De Vara de Mando y Otros Delirios

Si por algo pasará a la historia (o al Libro Guinness) es por su ubicuidad religiosa. Hay que ver lo bien que se lo pasa en las procesiones, vara de mando en mano, convencida de que representa espiritualmente a todos: católicos, ateos, musulmanes… y si nos descuidamos, hasta a los taoístas. Desde aquí hacemos la sugerencia para el Vaticano. Si no la hacen Obispa de Navarra, al menos denle una canonjía en la Catedral. Una canonjía bien retribuída, desde luego. Pues, a fin de cuenta, se trata de una beligerante opositora a todo lo que suponga respeto a la pluralidad confesional del pueblo.

Promesas, Ratas y “Cantos de Sirena”

El programa electoral de “Siempre Villafranca” debería haberse titulado “Vamos a hacer…” (y que luego, ya nos encargaremos de no hacer nada o lo que hagamos solamente satisfaga a una minoría, pero no, nada que se dirija a beneficio de la mayoría).
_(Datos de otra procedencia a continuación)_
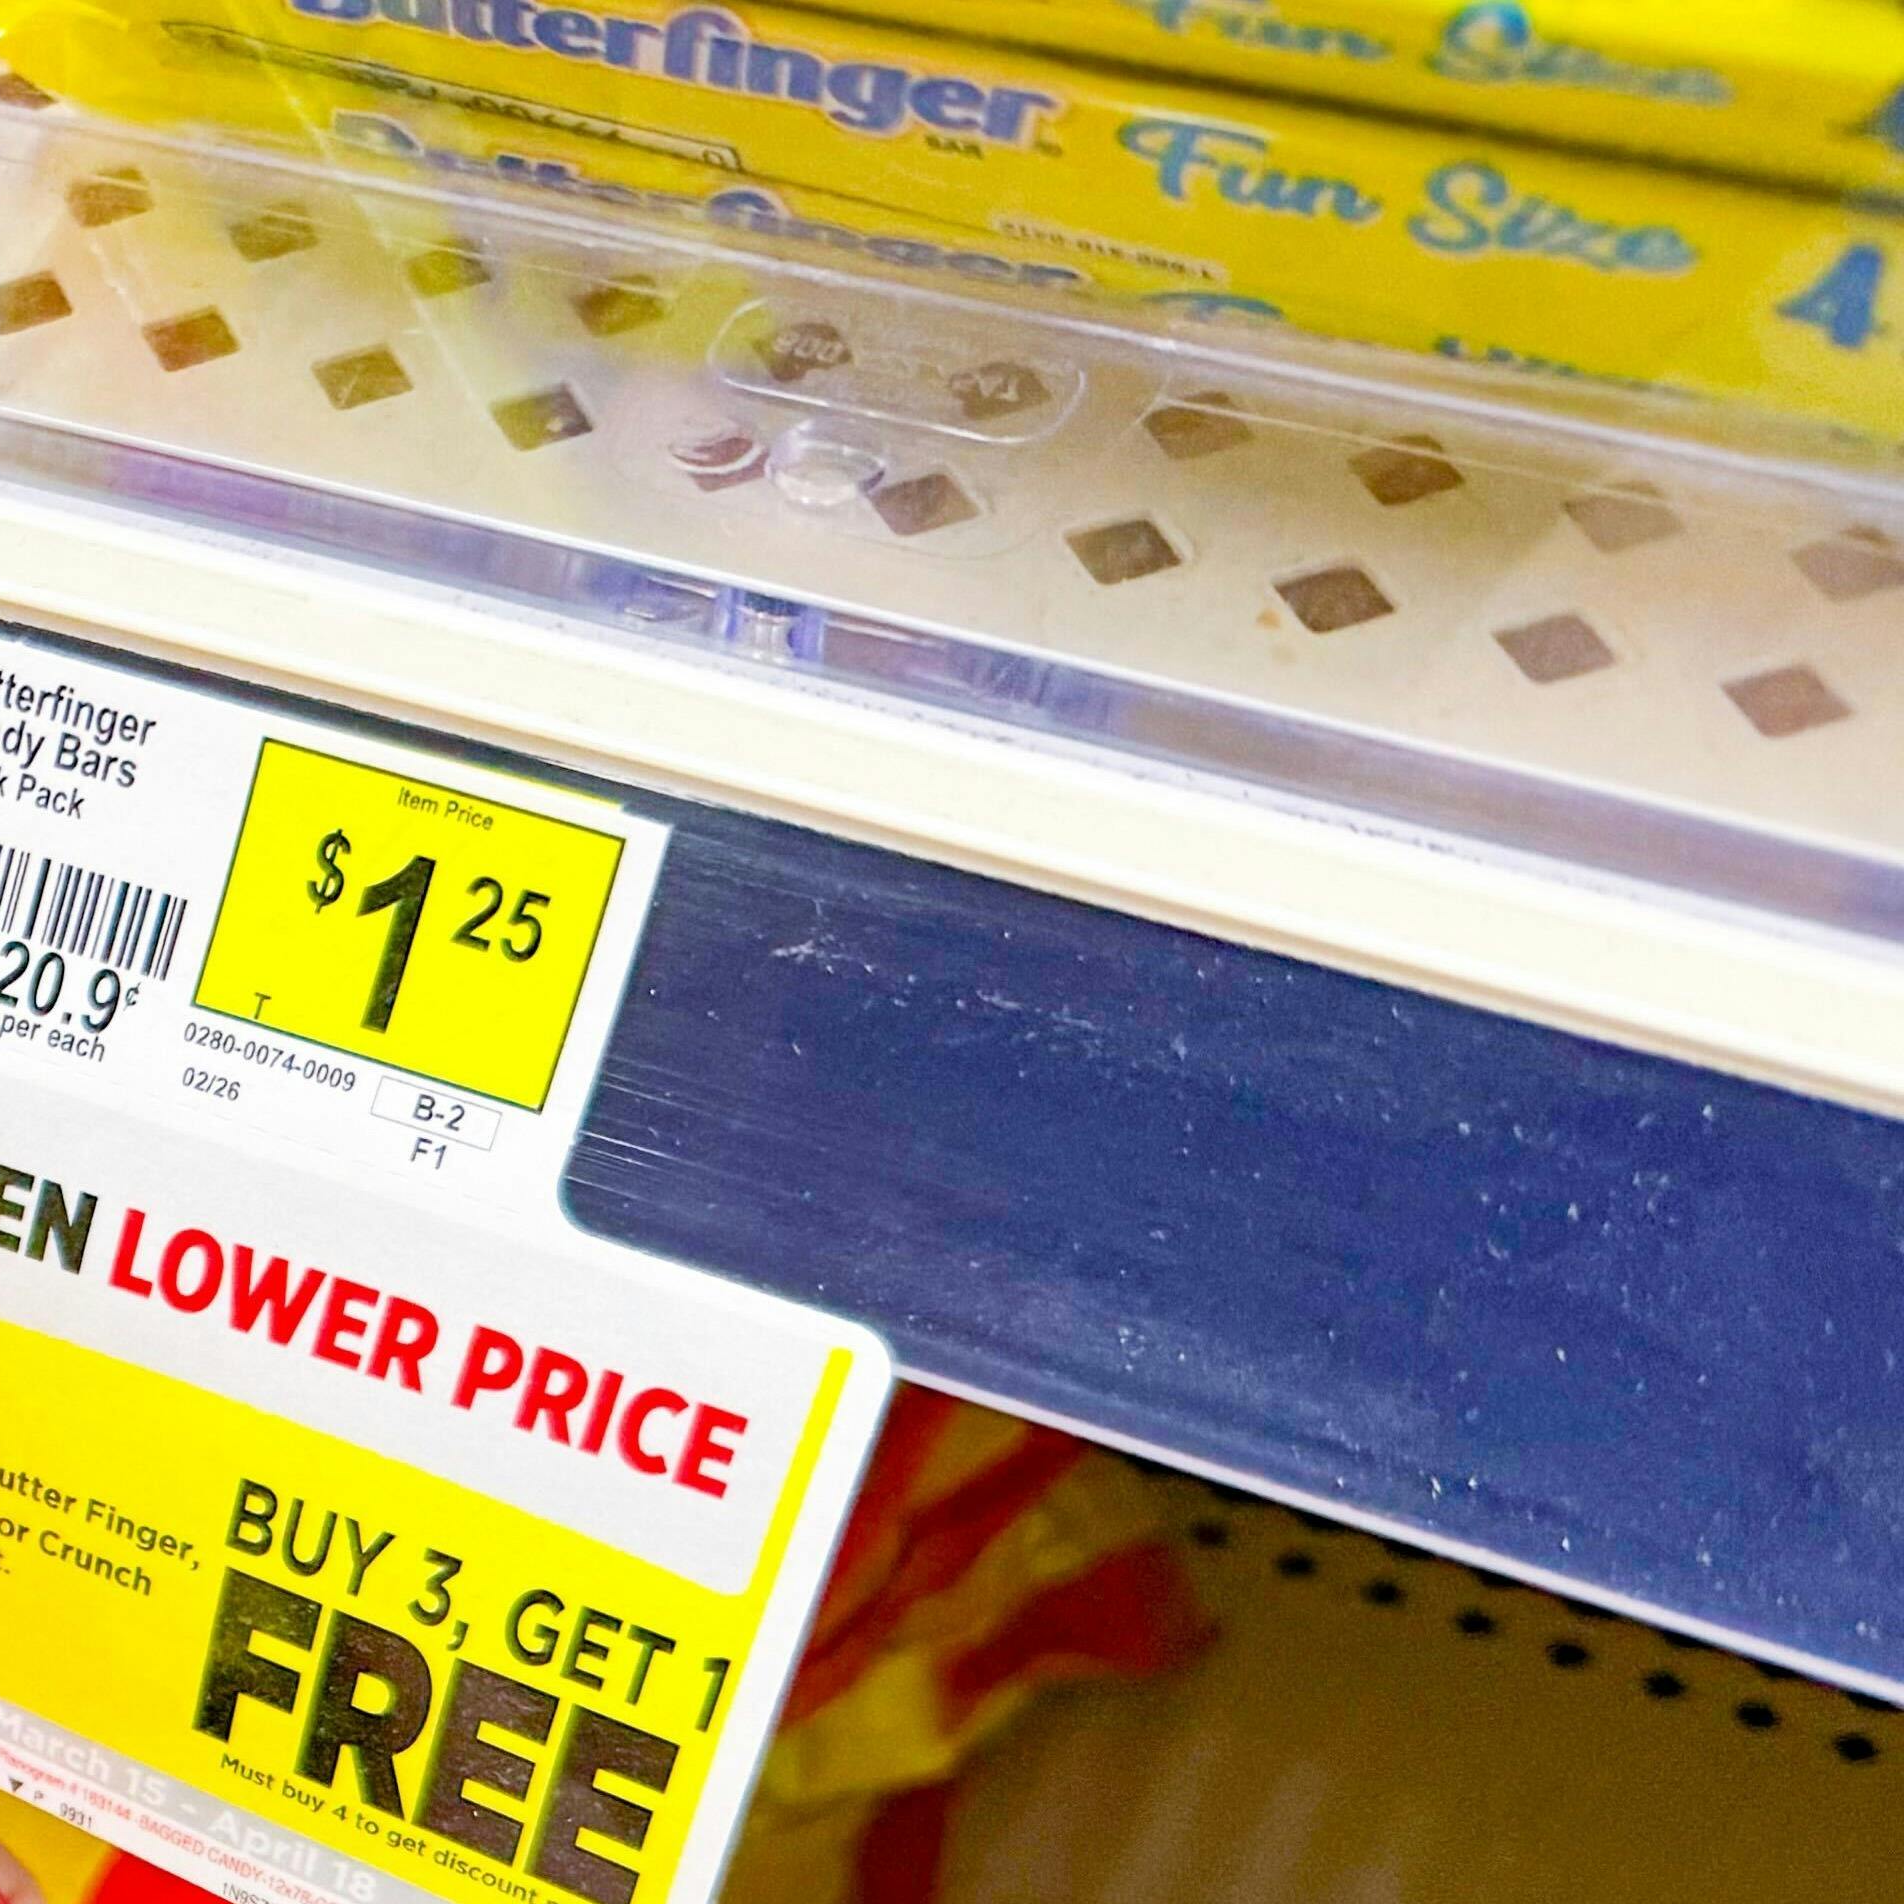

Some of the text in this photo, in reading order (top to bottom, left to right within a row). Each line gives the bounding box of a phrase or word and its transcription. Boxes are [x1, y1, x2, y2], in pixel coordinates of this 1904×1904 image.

[289, 0, 1061, 147] utterfinger
[1117, 116, 1382, 223] Fun
[1776, 244, 1882, 349] 4
[19, 772, 84, 818] Pack
[55, 739, 136, 788] Bars
[398, 786, 494, 832] Item Price
[253, 992, 271, 1020] T
[48, 1028, 106, 1063] each
[183, 1021, 356, 1093] 0280-0074-0009
[183, 1068, 240, 1103] 02/26
[412, 1095, 465, 1132] B-2
[411, 1138, 447, 1170] F1
[108, 1207, 440, 1392] LOWER
[451, 1325, 747, 1499] PRICE
[38, 1530, 152, 1596] Crunch
[86, 1498, 201, 1571] Finger,
[226, 1478, 732, 1733] BUY 3, GET 1
[60, 1802, 94, 1829] 9931
[127, 1767, 169, 1807] 15
[207, 1811, 318, 1875] April
[332, 1864, 377, 1900] 18
[220, 1752, 275, 1791] Must
[282, 1780, 325, 1813] buy
[332, 1804, 347, 1822] 4
[355, 1813, 380, 1836] to
[387, 1830, 427, 1857] get
Polígono Industrial: Un desierto de empresas que sólo recibe la visita de vertidos de ovejas. Cualquier inversor que asome la cabeza sale “escopeteado” ante semejante panorama. Urbanismo: Prometió pavimentar y limpiar, pero nos ha regalado estercoleros en el extrarradio donde las ratas tienen asegurada su existencia. Y, no solo, los solares que siguen abandonados a su suerte ruinosa en el pueblo, también, son objeto de visita turística de familias numerosas de roedores. Información: La revista municipal “INFO” informa mucho, sí, pero solo de lo que a ella le interesa. Y una cosa: “Apabullar no es informar”. Estaría bien ser un poco selectivo. Colegio, Residencia, Casa de Cultura: ahí siguen en la sala de espera. Hasta que le llegue a la alcaldesa la revelación de que es el momento de pasar del “Vamos a hacer “hasta el aquí “hemos llegado” Integración: Pan y Circo

Respecto a la población emigrante —que ya supone el 75% del alumnado, la estrategia es el silencio administrativo, salvo cuando huelen las urnas. Es triste que no exista ni un local de reunión ni un plan de integración real de la familia migrante. Y ello tras dos generaciones presentes en el pueblo. La autoridad da la sensación que se teme que un centro cultural se convierta en un foco de “subversión”. Mejor que sigan en los bares, ¿verdad? Queda claro que para engatusar a la juventud la receta es sencilla: discoteca, fanfarria y gastronomía. En resumen: circo. Pero, ¿para los Jubilados? ¿Para los Agricultores? ¿Para los ganaderos? ¿Para los tenderos? ¿Para los barrios? ¿Para las Casas Baratas?

El Giro Final: La Amenaza

Lo más aterrador de la entrevista no fue su capacidad para colgarse medallas inexistentes. Lo verdaderamente preocupante fue la amenaza final: nuestra alcaldesa piensa seguir. ¡Horror! Después de cinco legislaturas, algunos ingenuos pensábamos en un año sabático (o una década). Pero no. El “ilusionismo” continúa. Prepárense para más escaparates brillantes, porque el proyecto de “Siempre Villafranca” -o mejor dicho, de “Siempre Ella” -suena a Culebrón-, no tiene intención de bajar el telón.